START Records for the exercise

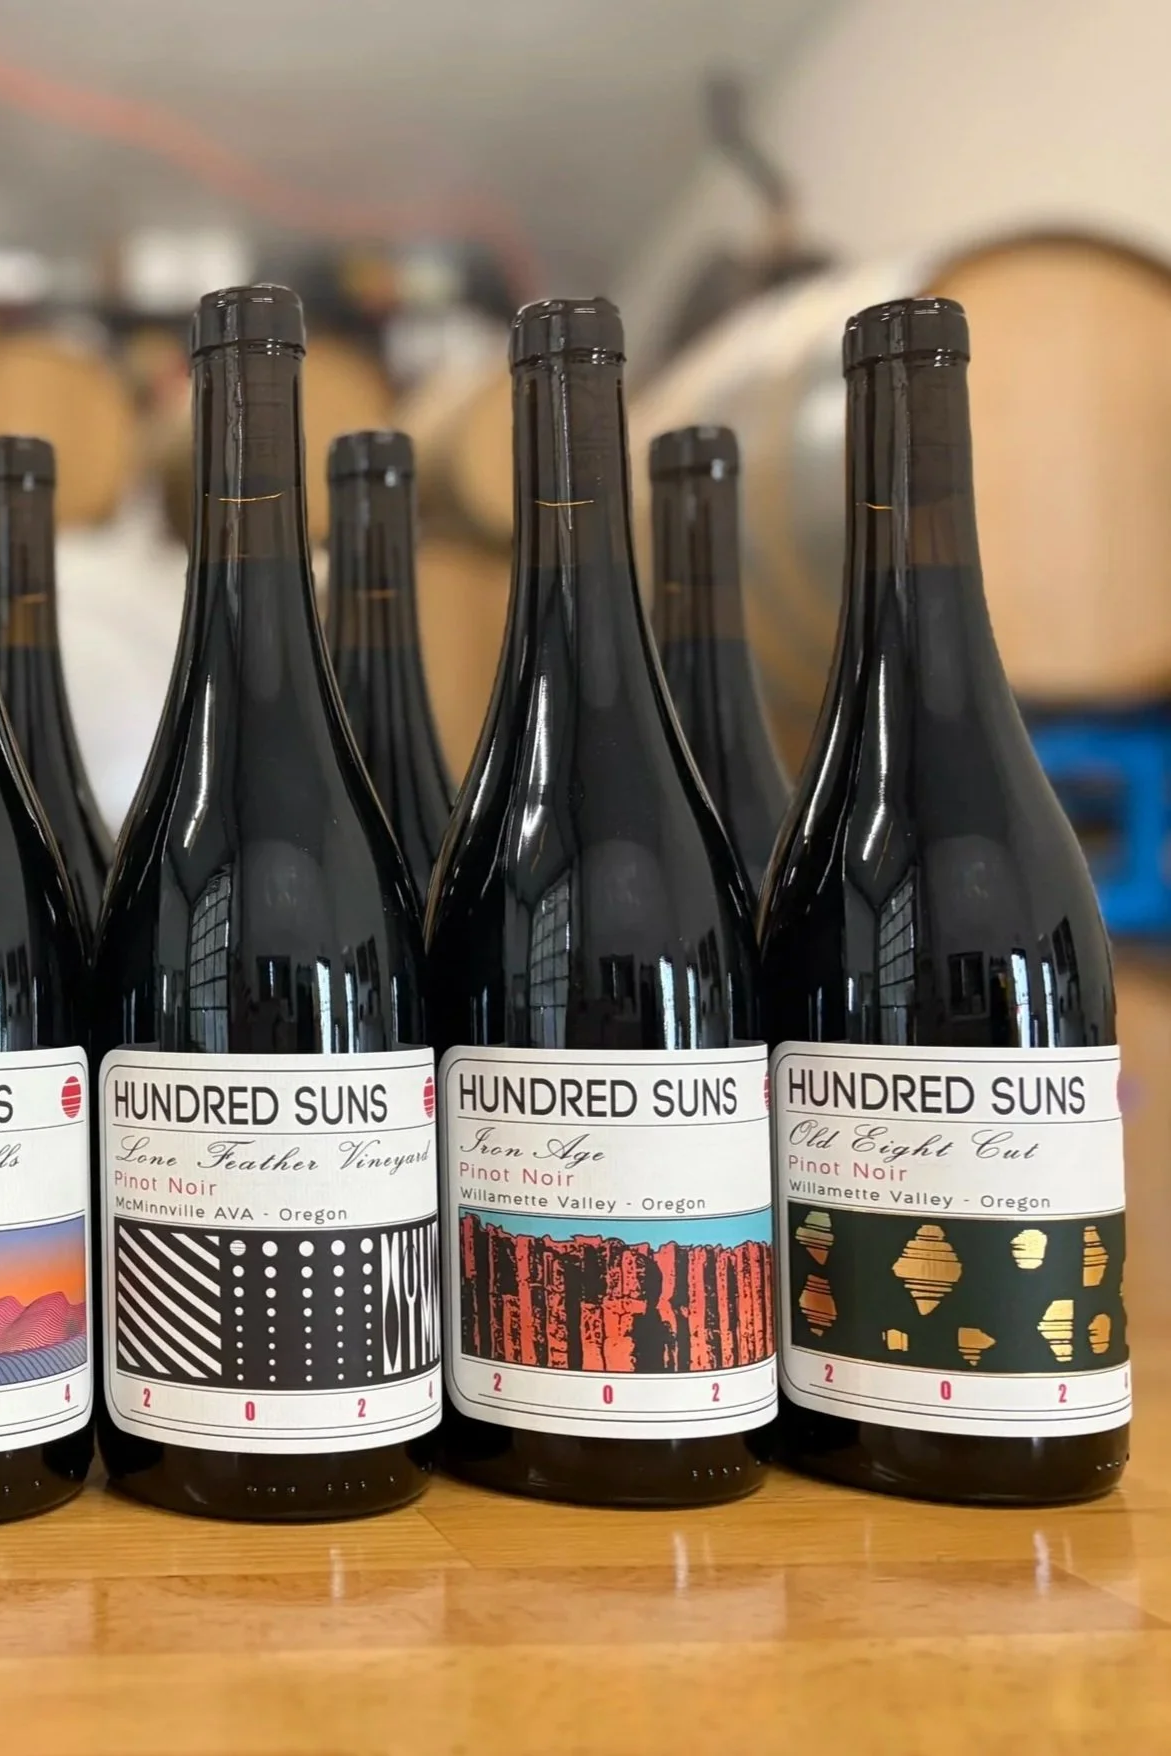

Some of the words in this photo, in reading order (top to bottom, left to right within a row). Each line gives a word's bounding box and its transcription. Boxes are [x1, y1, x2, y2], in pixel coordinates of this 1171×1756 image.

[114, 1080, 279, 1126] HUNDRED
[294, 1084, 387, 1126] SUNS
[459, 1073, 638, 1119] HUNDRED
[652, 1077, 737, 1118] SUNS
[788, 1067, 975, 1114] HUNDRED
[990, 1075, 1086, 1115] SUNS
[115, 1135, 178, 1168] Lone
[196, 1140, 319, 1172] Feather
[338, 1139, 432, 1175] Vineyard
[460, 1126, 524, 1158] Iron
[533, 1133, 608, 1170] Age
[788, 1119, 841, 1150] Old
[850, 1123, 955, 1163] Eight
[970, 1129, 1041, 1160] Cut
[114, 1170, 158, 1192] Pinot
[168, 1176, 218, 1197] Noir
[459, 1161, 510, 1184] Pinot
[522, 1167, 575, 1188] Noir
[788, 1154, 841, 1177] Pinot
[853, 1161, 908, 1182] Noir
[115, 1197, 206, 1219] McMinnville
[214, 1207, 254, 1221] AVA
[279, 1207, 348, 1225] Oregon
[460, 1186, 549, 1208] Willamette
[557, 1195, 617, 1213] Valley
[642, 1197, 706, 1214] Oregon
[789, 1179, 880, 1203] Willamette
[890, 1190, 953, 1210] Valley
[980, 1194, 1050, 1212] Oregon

END Records for the exercise

## The task
With the pictures removed, return the data above word for word.

## Result
Some of the words in this photo, in reading order (top to bottom, left to right within a row). Each line gives a word's bounding box and its transcription. Boxes are [x1, y1, x2, y2], in pixel coordinates of this 1171×1756 image.

[114, 1080, 279, 1126] HUNDRED
[294, 1084, 387, 1126] SUNS
[459, 1073, 638, 1119] HUNDRED
[652, 1077, 737, 1118] SUNS
[788, 1067, 975, 1114] HUNDRED
[990, 1075, 1086, 1115] SUNS
[115, 1135, 178, 1168] Lone
[196, 1140, 319, 1172] Feather
[338, 1139, 432, 1175] Vineyard
[460, 1126, 524, 1158] Iron
[533, 1133, 608, 1170] Age
[788, 1119, 841, 1150] Old
[850, 1123, 955, 1163] Eight
[970, 1129, 1041, 1160] Cut
[114, 1170, 158, 1192] Pinot
[168, 1176, 218, 1197] Noir
[459, 1161, 510, 1184] Pinot
[522, 1167, 575, 1188] Noir
[788, 1154, 841, 1177] Pinot
[853, 1161, 908, 1182] Noir
[115, 1197, 206, 1219] McMinnville
[214, 1207, 254, 1221] AVA
[279, 1207, 348, 1225] Oregon
[460, 1186, 549, 1208] Willamette
[557, 1195, 617, 1213] Valley
[642, 1197, 706, 1214] Oregon
[789, 1179, 880, 1203] Willamette
[890, 1190, 953, 1210] Valley
[980, 1194, 1050, 1212] Oregon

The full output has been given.